La Chacra D'Dago

La Chacra D'Dago

Elise Porter

Since the 1700s, coffee has been grown throughout Peru, from the Amazon basin to the Andean mountains and the Pacific Coastline. It is currently the world's 9th largest producer of coffee yet La Chacra D’Dago is the only biodynamic coffee farm in all of Peru!

The farm is around 1550-1600m located in Palomar, 30 minutes from Villa Rica, a famous coffee town in Central Peru.

Dagoberto Marin is a trailblazer in Peru for the way he has grown coffee over the last 20 years. Following the family traditions of growing coffee, he decided to divert from using chemical fertilisers to a biodynamic approach to farming. The Marin family have around 15 hectares growing many different varietals.

Their innovative fermentation process:

The harvest is picked by hand with no machinery used at all. This helps to screen the quality before it goes to the beneficio (processing plant) which has many steps to screen the cherries to make sure only the ripest, cleanest and free of any defects cherries make it through to the drying stage. 

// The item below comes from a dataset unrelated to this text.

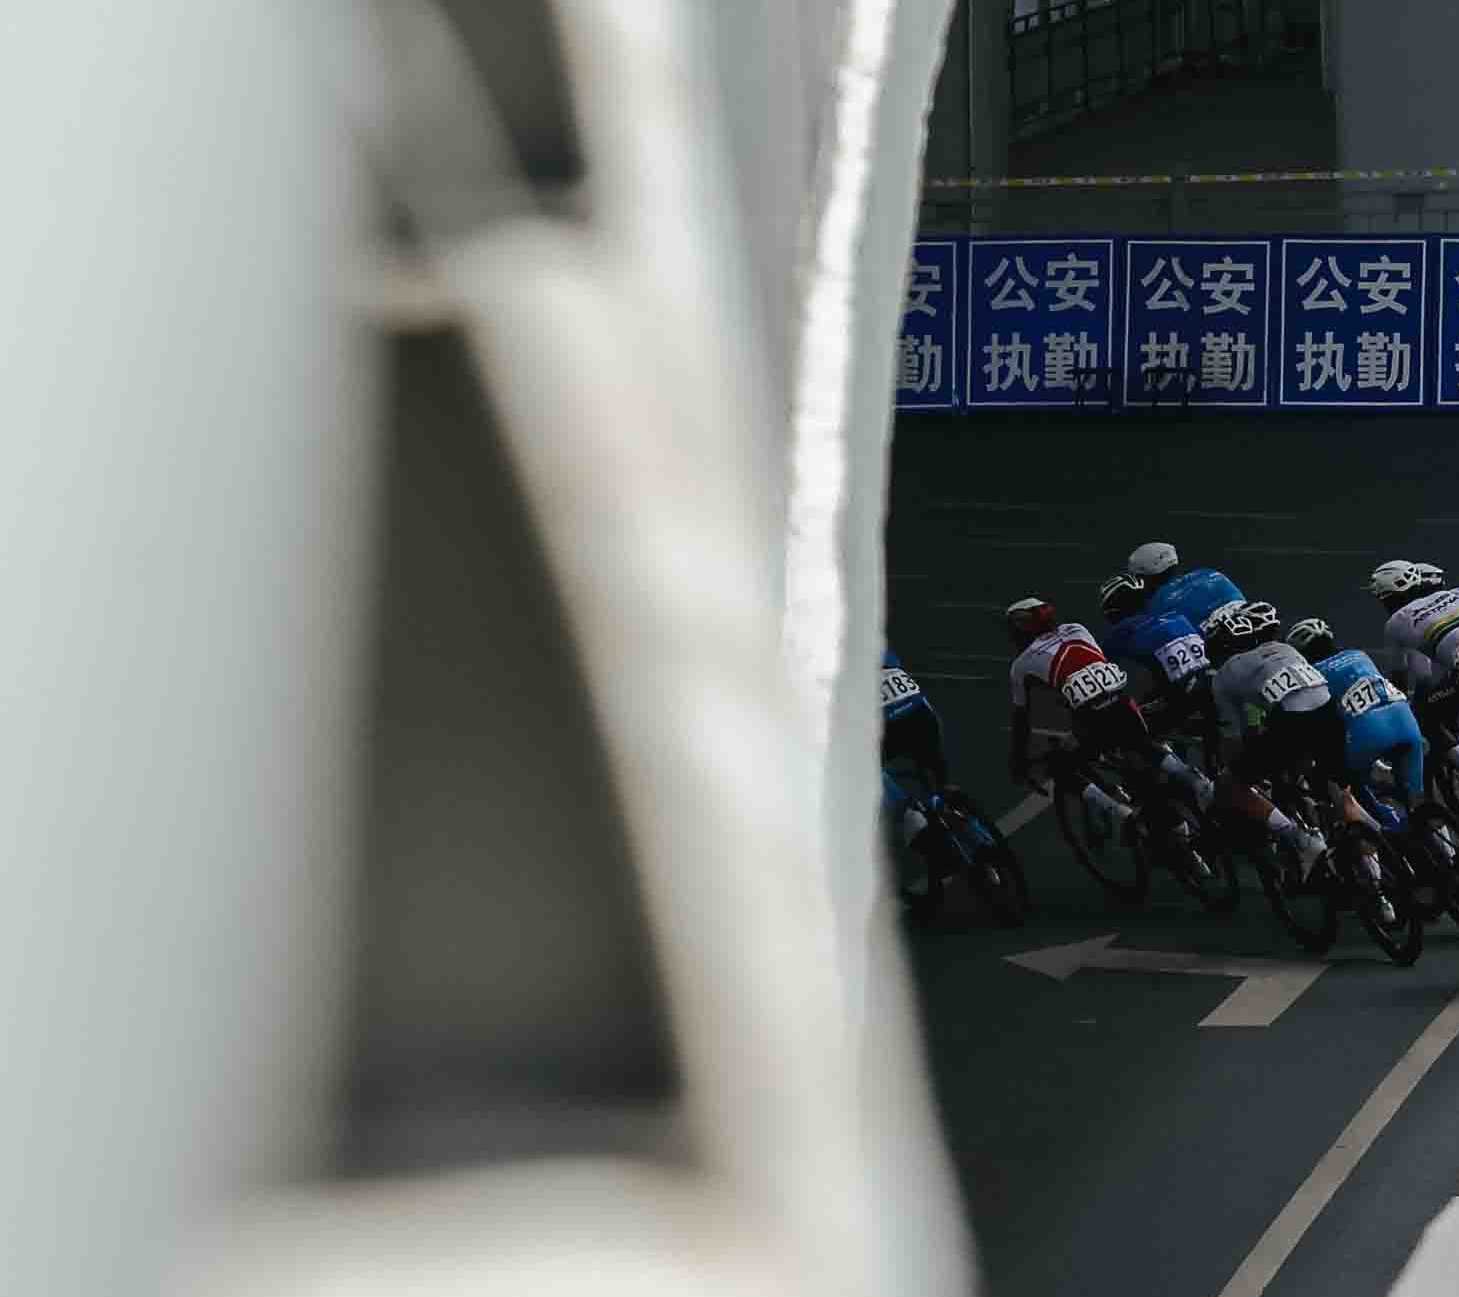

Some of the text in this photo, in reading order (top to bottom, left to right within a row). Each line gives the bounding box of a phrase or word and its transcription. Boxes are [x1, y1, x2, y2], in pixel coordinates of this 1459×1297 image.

At the top of their beneficio they have a drying area where they check again by eye what cherries are ripe and red. All of those that don’t qualify this eye test are taken out and placed in an area for seconds.

For those cherries left, water is passed through them and this is the second part of quality control. They look for those cherries that float and also discard them into the area of seconds.

After this two step process, the coffee cherries that passed are then ready to be washed, pulped and stored in a concrete tanks for 76 hours, followed by being dried on African beds for 10 - 15 days.

The story of their biodynamic creations

'La Chacra D Dago' was founded in 2005. In Peru, La Chacra means a small plantation, it can be coffee or other crops, however, La Chacra in Eastern cultures means oriented to the energy fields.

La Chacra D Dago spans across three generations, with each new generation pushing forward in sustainably farming:

  • 1st generation -1950s used conventional agriculture where more focus was on production than quality, with chemical methods.
  • 2nd generation - 1990s went with organic agriculture, using 100% organic methods, caring for the flora and fauna of the forest and coffee crops.
  • 3rd generation - 2005 with biodynamic agriculture using the practices of Dr. Rudolf Steiner. Going further than organic practices, now they use the astronomical calendar for fertilisation and compost.